Efforts to repatriate the remains stopped somewhere in the early 2000s for unknown reasons, according to Miller. In 2015, these efforts picked back up, led initially by College President Sonya Stephens, who was dean of faculty at the time. Many others joined the project in the following years, and eventually, Miller took over as NAGPRA coordinator to facilitate the final transfer of the remains and the paperwork. Although Miller worked on the repatriation, the Mount Holyoke College Art Museum was not responsible for the remains.

On Oct. 15, the remains were repatriated to the Stockbridge-Munsee community. While the remains belong to the Hassanamisco Nipmuc Nation, NAGPRA regulations require them to be repatriated to a federally-recognized tribe, according to Miller. Because the Hassanamisco Nipmuc Nation are only state recognized, the Stockbridge-Munsee and Hassanamisco Nipmuc communities agreed the Stockbridge-Munsee would take the remains on paper. Once the remains were repatriated, the Stockbridge-Munsee community transferred them to the Hassanamisco Nipmuc. 

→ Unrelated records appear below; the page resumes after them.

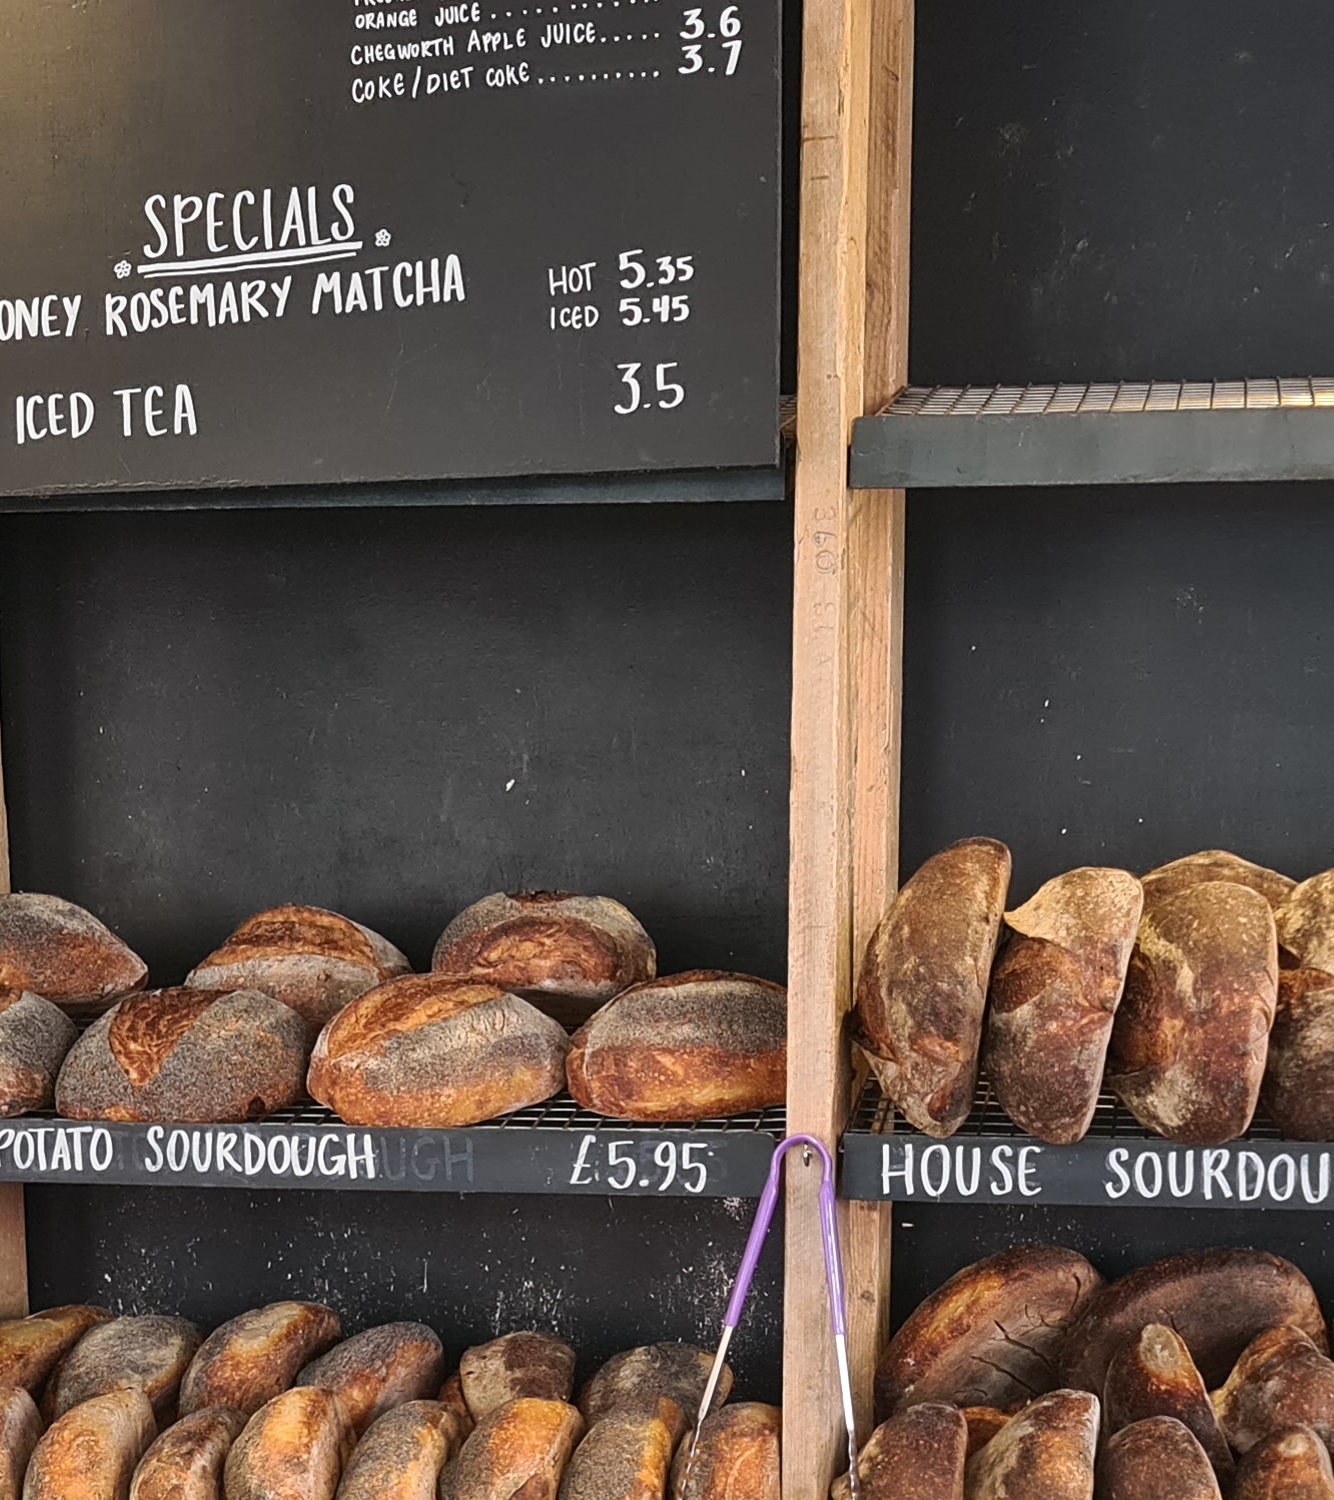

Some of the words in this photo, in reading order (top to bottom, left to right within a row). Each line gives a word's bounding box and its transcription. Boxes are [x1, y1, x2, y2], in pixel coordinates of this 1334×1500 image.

[351, 36, 454, 66] CHEGWORTH
[467, 29, 526, 53] APPLE
[541, 22, 596, 46] JUICE
[679, 6, 742, 40] 3.6
[355, 10, 417, 30] ORANGE
[435, 2, 481, 27] JUICE
[678, 40, 743, 76] 3.7
[143, 183, 356, 259] SPECIALS
[105, 275, 292, 336] ROSEMARY
[312, 254, 466, 315] MATCHA
[548, 262, 597, 296] HOT
[618, 249, 695, 290] 5.35
[550, 304, 599, 330] ICED
[621, 296, 690, 326] 5.45
[16, 391, 95, 444] ICED
[114, 384, 198, 437] TEA
[613, 362, 686, 414] 3.5
[144, 1128, 378, 1179] SOURDOUGH
[568, 1134, 710, 1194] £5.95
[880, 1144, 1043, 1198] HOUSE
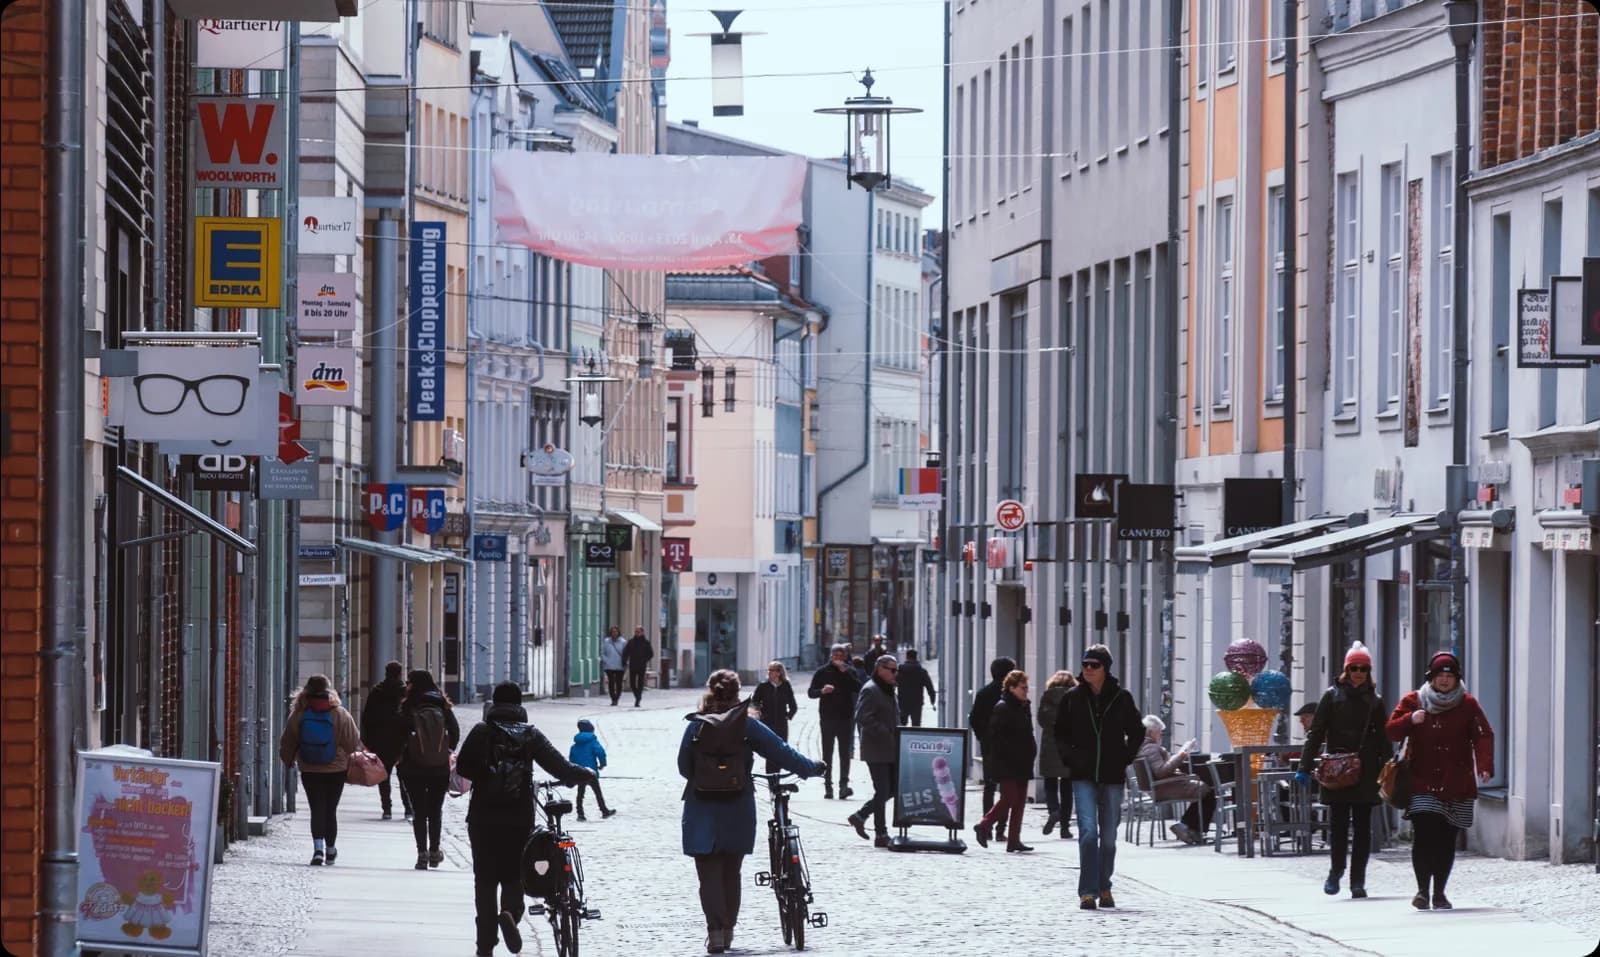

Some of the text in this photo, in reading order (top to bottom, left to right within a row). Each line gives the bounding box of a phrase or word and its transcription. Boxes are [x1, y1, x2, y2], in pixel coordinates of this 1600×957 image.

[195, 171, 276, 183] WOOLWORTH
[209, 285, 262, 296] EDEKA
[320, 284, 335, 292] dm
[302, 300, 323, 308] Montag
[327, 300, 351, 308] Samstag
[304, 309, 348, 317] 8 bis 20 Uhr
[311, 363, 344, 381] dm
[370, 493, 403, 516] P&C
[411, 498, 443, 519] P&C
[1120, 528, 1170, 538] CANVERO
[902, 789, 933, 807] EIS

On Nov. 30, Mount Holyoke College hosted a talk by Larry Spotted Crow Mann, preceded by a reflection given by Stephens, honoring the repatriated Indigenous remains.“Institutions with long histories have much work to do to understand the legacies of their past,” Stephens said. “We are deeply sorry to have held the remains of this ancestor here at the College, and we invite you all in this moment to honor them.”

Although the remains have been fully repatriated, the College’s Art Museum still possesses objects that they are working toward repatriating. However, as they figure out to whom these objects belong, there is a chance some objects’ original communities may not be looking to repatriate, according to Miller. This does not mean these communities may not wish to repatriate in the future. 

“The way NAGPRA works is [that] it is never finished. In the case of these ancestral remains, the repatriation part is finished. When it comes to the art museum, there are hundreds of objects and some are believed to be NAGPRA sensitive … Others, we aren’t sure,” Miller said.

The objects they believe to be NAGPRA sensitive, whether they are working towards repatriation currently on them or not, are not used in any teaching — nor are they put on display, unless they have specific permission from the community the object came from to do so.

Miller said, “It is a positive moment that this repatriation has happened, and I believe there will be conversations about this history and what took place moving forward.”